Parfois les thèmes sont carrément étranges, voire malsains les artistes ne reculant devant aucune provocation pour dire leur angoisse. Vlaho Bukovac emporte la palme avec cet halluciant portrait de famille, les personnages étant ici réduits à des têtes qui se balancent dans l'espace, comme de simples décors. Sur la table aux pieds galbés, le père et la mère à l'abondante chevelure brune et frisée, lèvent les yeux vers leurs 4 enfants accrochés par les cheveux devant une étole d'un blanc immaculé. Assise sur la table, une poupée, entière elle, contemple cette scène surréaliste d'un œil morne. Une autre poupée est suspendue au-dessus d'elle. Cette scène d’intérieur, empreinte d'une forte charge émotionnelle, agresse le spectateur par son insupportable douceur.


Lieux d'illumination et ziggurat de l'âme


Karl Wilhelm Diefenbach
Demande aux étoiles, 1901

La découverte de la dimension psychologique, des territoires sombres et mal explorés de l'inconscient, fascinent les artistes qui veulent en tirer de nouvelles formes d'expressivité. A l'instar de Karl Wilhelm Diefenbach, peintre allemand, adorateur du soleil, pionnier du naturisme et du végétarisme. En 1888, il commença à pratiquer le Sonnenmenschentum, dans la forêt bavaroise, et à faire vivre ses trois enfants nus. Pour lui le naturisme était avant tout une expérience religieuse, et il prêchait une philosophie d’auto-réalisation mystique et de respect panthéiste de la nature. Les autorités bavaroises ne virent pas cela du même œil et le condamnèrent à huit jours de prison. En 1897, il fonda la communauté Humanitas, avec 25 adeptes qui se laissèrent pousser les cheveux, devinrent végétariens et ne vécurent plus que nus ou en vêtements de laine brute. Tous partageaient une pratique identique de la nudité, du spiritualisme et de l'alimentation végétarienne.

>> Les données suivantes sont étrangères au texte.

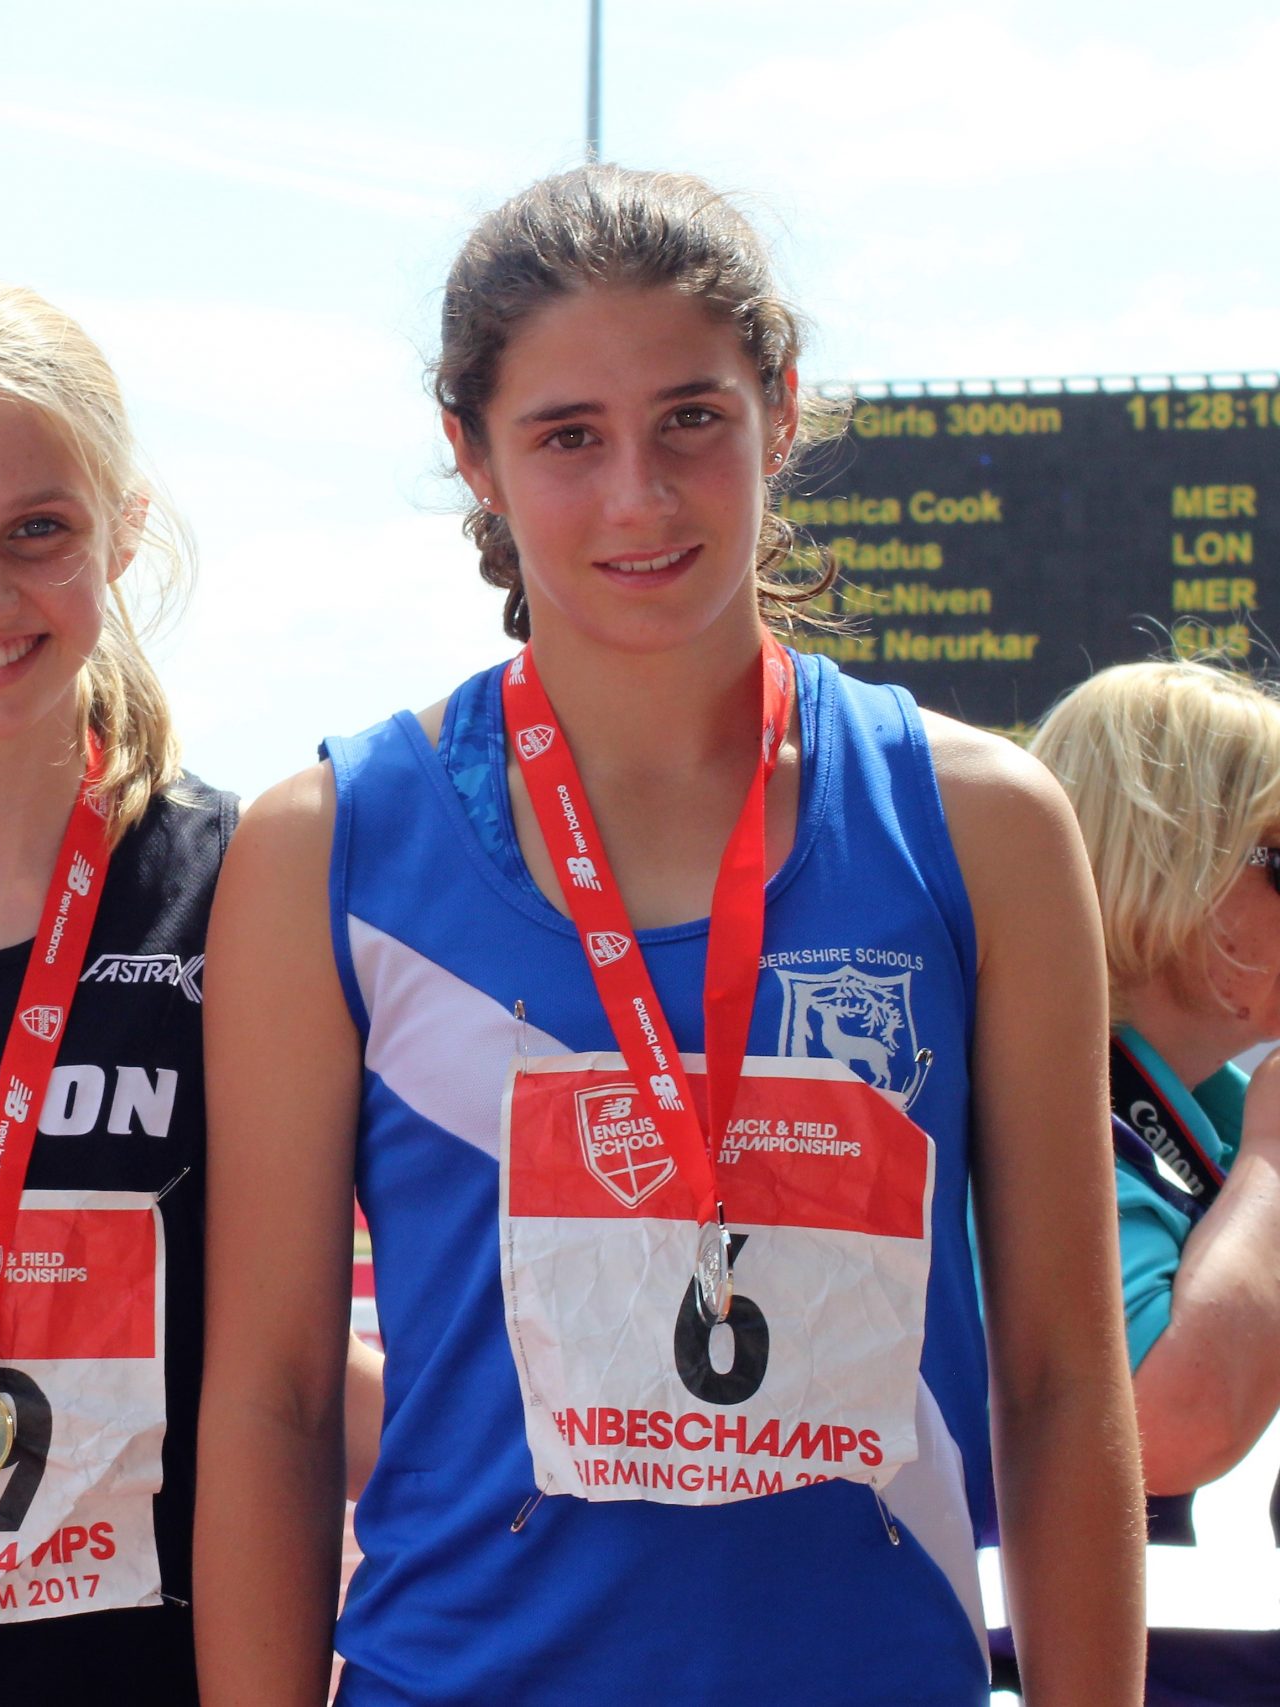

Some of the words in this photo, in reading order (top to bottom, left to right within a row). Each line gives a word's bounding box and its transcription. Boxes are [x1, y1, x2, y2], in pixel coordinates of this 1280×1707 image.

Mirko Rački (1879 - 1982) Dante aux Enfers
Mirko Rački, traversée de l'Acheronte (1907)

D'autres s'inspirent des grands mystiques médiévaux, ou ressortent Dante, comme Mirko Rački, ce peintre croate dont la plus grande partie de l'oeuvre est dédiée à la Divine Comédie.

Anges et Démons, rêves, incubes et visions

Léo Putz (1869 - 1940), Bacchanale 1905

L'art de cette période aime à faire se côtoyer des créatures ambiguës, parfois messagers entre les dieux et les hommes, qui leur apportent des révélations qui vont changer leur vie. Parfois, comme avec Leo Putz, il s'agit simplement de revisiter les rites de l'Antichité, en y apportant une sensualité désinhibée. 

Mikalojus Konstantinas Čiurlionis (1875-1911) le Paradis

Chez Mikalojus Konstantinas Čiurlionis, plus inventif, des anges aux ailes immenses dominent de grands paysages idylliques : une nouvelle humanité semble sur le point de naître. C'est à la fois plein d'espérance, de rêve et d'harmonie : le peintre était, d'ailleurs, aussi musicien. Il « compose » d'ailleurs souvent des « suites » de tableaux, dont les titres font régulièrement référence à la musique, notamment des « sonates » ou d'ambitieux cycles de 10 à 15 toiles sur un thème donné.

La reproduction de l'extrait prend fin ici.